O livro ‘O monitoramento eletrônico de presos e a paz social no contexto urbano – Nova política de contenção da modernidade a partir da visão da microfísica do poder e da sociedade de controle’, de autoria do juiz Bruno César Azevedo Isidro, foi lançado, nesta quinta-feira (21), durante as comemorações dos 34 anos da Escola Superior da Magistratura (Esma).
Bruno Azevedo demonstrou satisfação em lançar sua primeira obra na referida Instituição. “Pra mim é extremamente gratificante, principalmente em ter sido ex-aluno da Esma, e fico bastante satisfeito, neste momento tão importante para Escola, já que sou ligado à vida acadêmica.”
Em relação à obra, o magistrado ressaltou que a inspiração surgiu com a sua vivência de professor em sala de aula e a partir do projeto, de sua autoria, “Liberdade Vigiada – Sociedade Protegida” (ideia que surgiu durante uma aula em que explicava a realidade no sistema penal norte-americano), que é fruto da tese de conclusão de doutorado perante a Universidade do Estado do Rio de Janeiro (UERJ).
Ainda segundo o autor, o livro está dividido em quatro capítulos: o primeiro, fala sobre ‘A busca da docilidade dos corpus, através do monitoramento eletrônico: uma análise de Foucault e Deleuze, transitando pelo utilitarismo; o segundo, discorre sobre ‘Monitoramento eletrônico de presos: genealogia, disseminações, espécies e o muro invisível no Brasil; o terceiro capítulo aborda acerca do ‘Monitoramento eletrônico de presos através de tornozeleira eletrônica no Brasil e o encontro com os direitos fundamentais; o quarto e último fala sobre ‘O monitoramento eletrônico de presos à guisa de uma releitura do regime prisional’.

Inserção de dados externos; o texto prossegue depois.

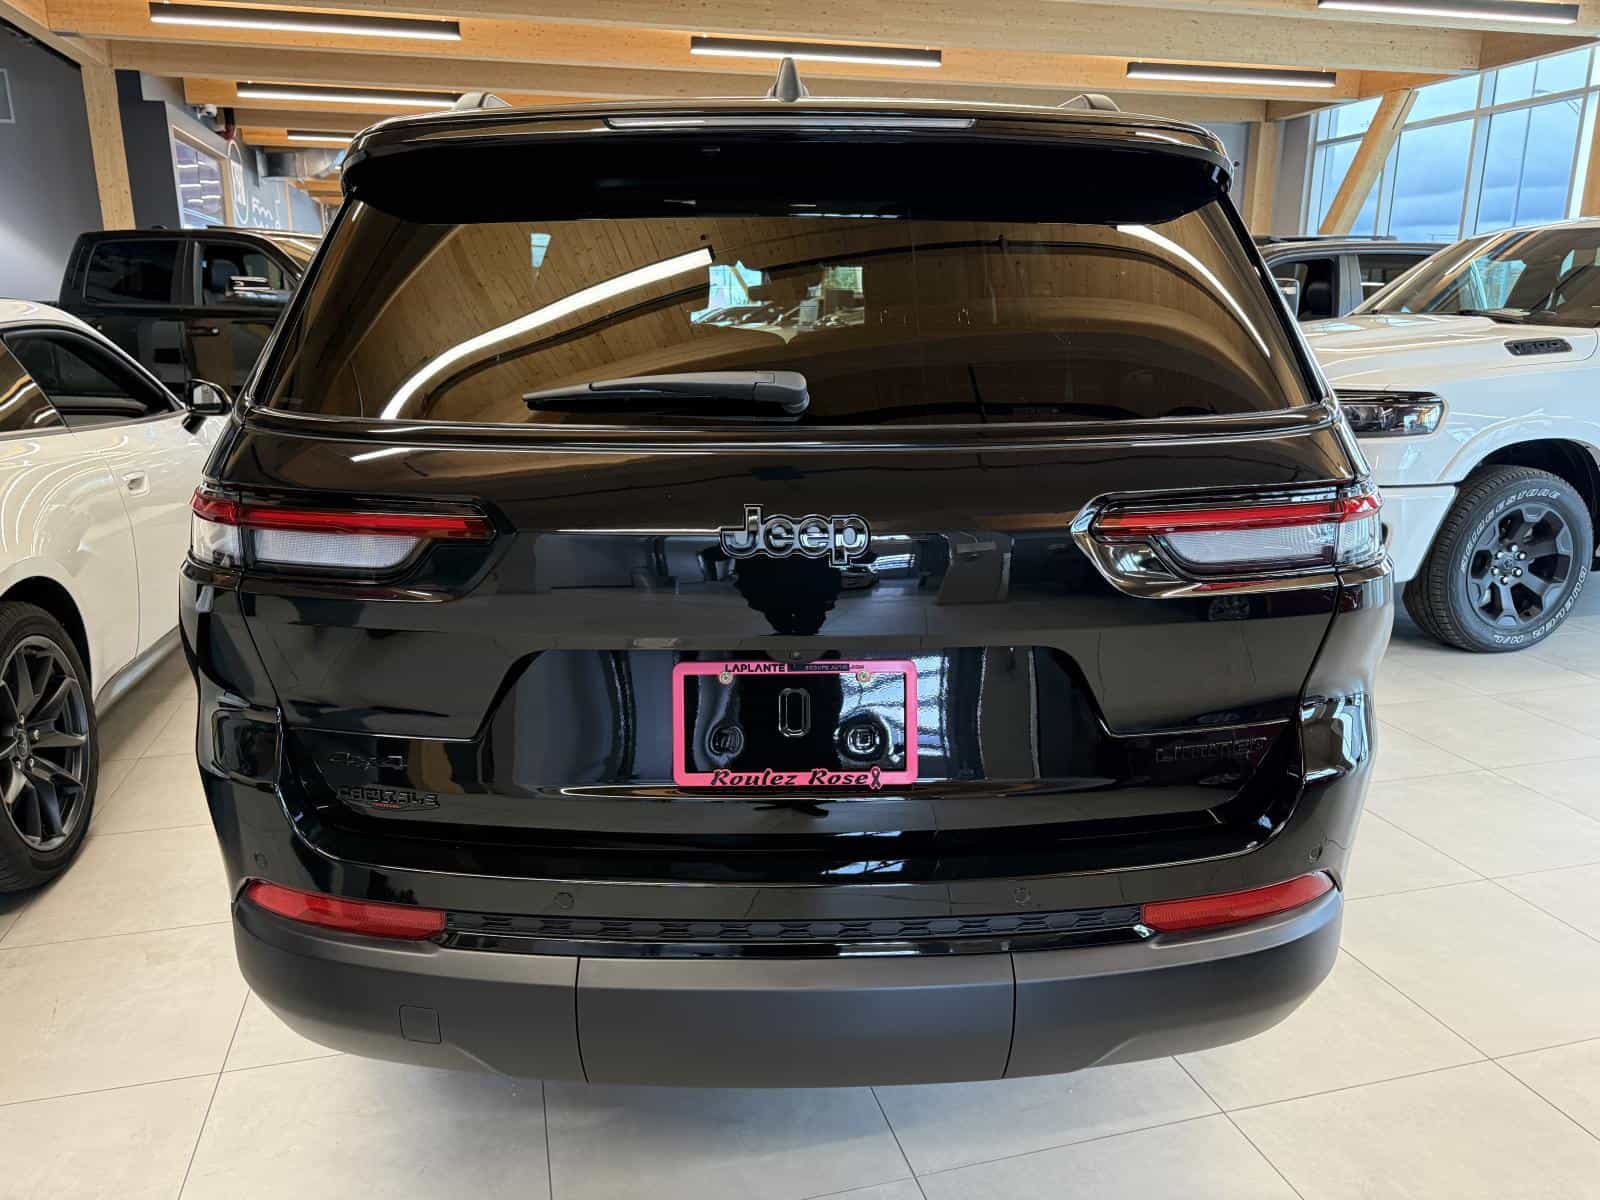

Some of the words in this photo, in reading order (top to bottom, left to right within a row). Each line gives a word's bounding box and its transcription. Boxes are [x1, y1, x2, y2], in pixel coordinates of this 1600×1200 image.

[720, 503, 871, 568] Jeep
[724, 663, 786, 673] LAPLANTE
[1155, 736, 1269, 764] LIMITED
[328, 751, 409, 770] 4x4
[710, 768, 797, 786] Roulez
[807, 768, 869, 786] Rose
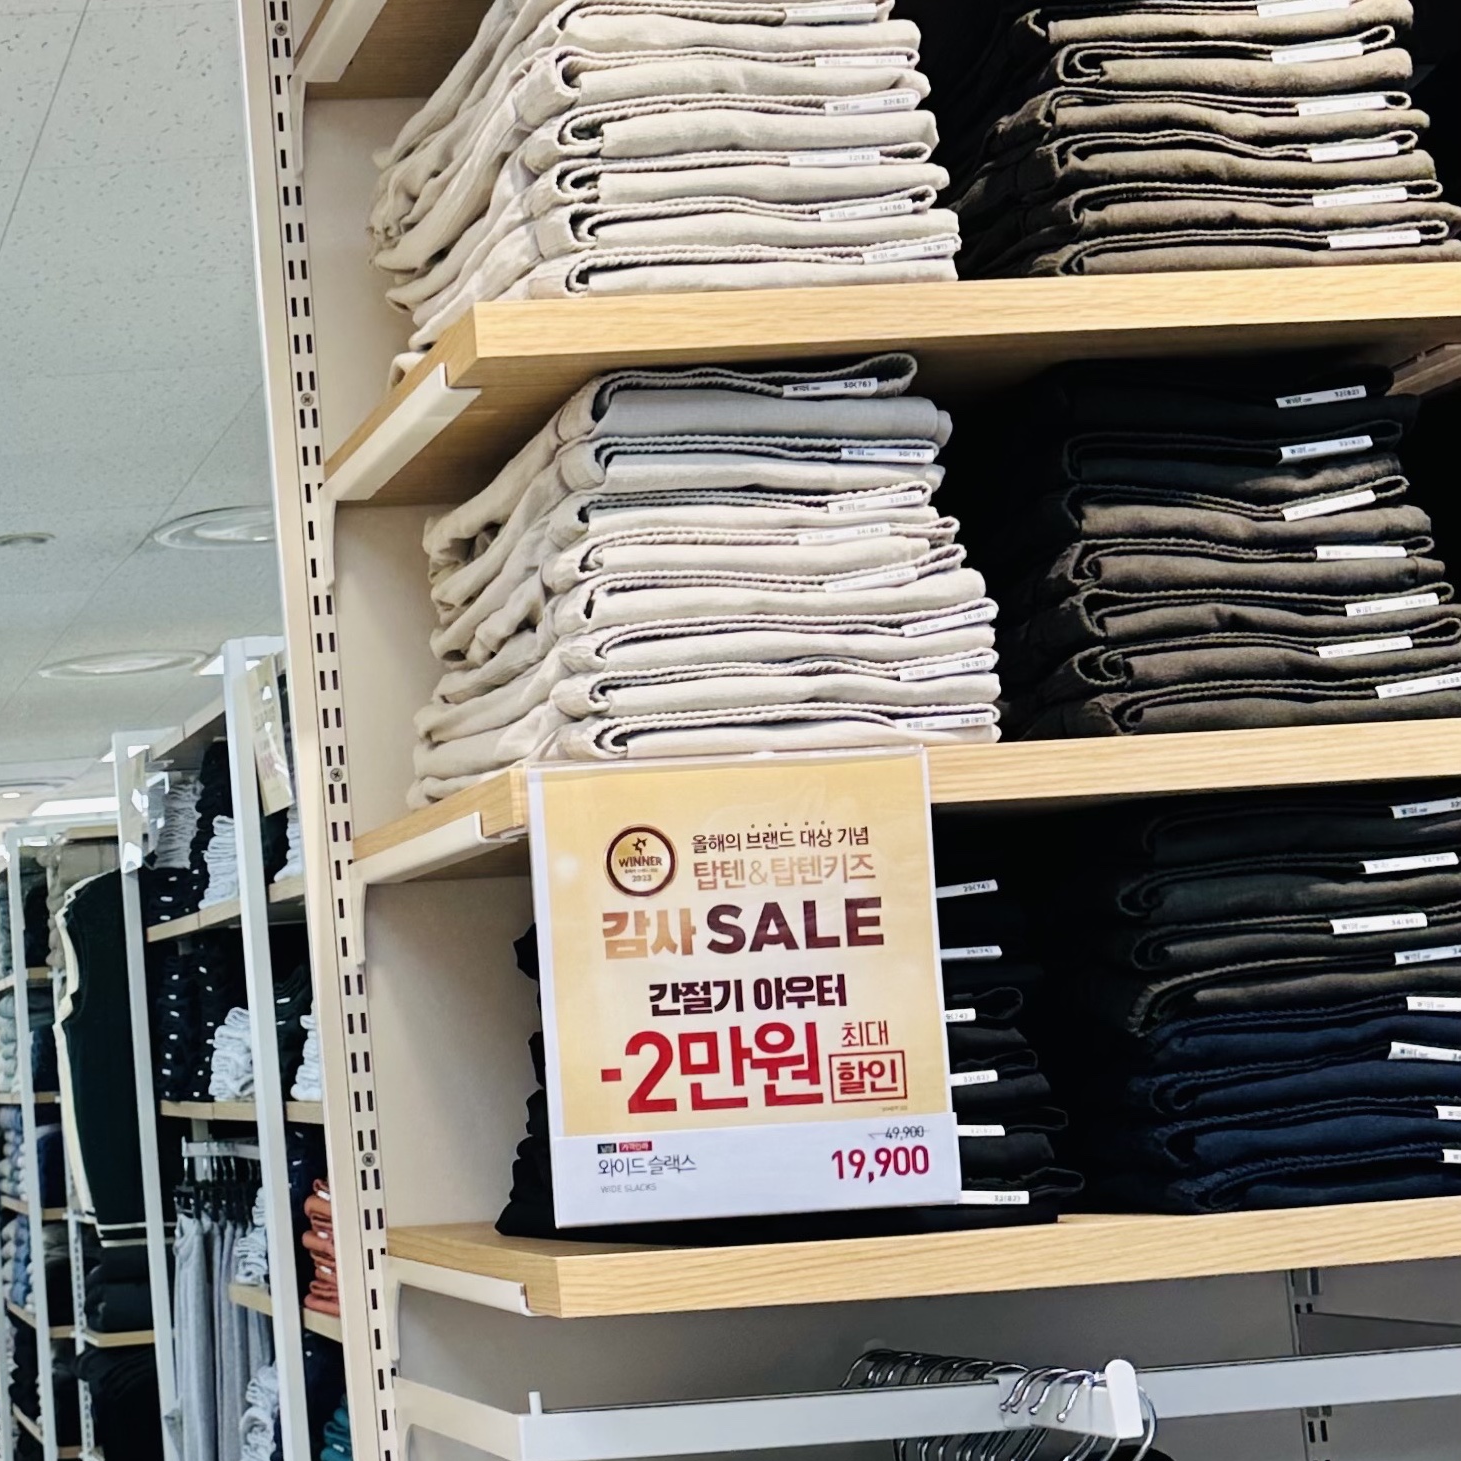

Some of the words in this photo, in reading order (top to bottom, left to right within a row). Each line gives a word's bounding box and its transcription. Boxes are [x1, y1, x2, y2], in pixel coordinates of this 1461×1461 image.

[691, 834, 741, 854] 올해의
[746, 830, 796, 849] 브랜드
[800, 827, 832, 848] 대상
[838, 826, 869, 846] 기념
[618, 855, 663, 867] WINNER
[693, 853, 876, 891] 탑텐&탑텐키즈
[602, 907, 697, 960] 감사
[706, 896, 885, 955] SALE
[649, 979, 744, 1016] 간절기
[753, 974, 847, 1010] 아우터
[601, 1021, 824, 1114] -2만원
[841, 1020, 889, 1048] 최대
[836, 1059, 898, 1095] 할인
[885, 1125, 925, 1141] 49,900
[831, 1144, 929, 1184] 19,900

Outras quatro obras foram lançadas no evento pelo diretor da Editora da Universidade Estadual da Paraíba, professor Luciano Nascimento: ‘O Princípio da Função Social da Atividade Empresarial’, do professor Herleide Herculano Delgado; ‘Corpos Estranhos? – reflexões sobre a intersexualidade e os direitos humanos’, da autora Ana Carolina Gondim de Albuquerque Oliveira’; ‘Um Convite à Utopia’, do jornalista Cidoval Morais de Sousa; e ‘A Infiltração Policial Como Instrumento de Combate
Perpetrados por Organizações Criminosas’, do professor Marcos Romero Lameirão.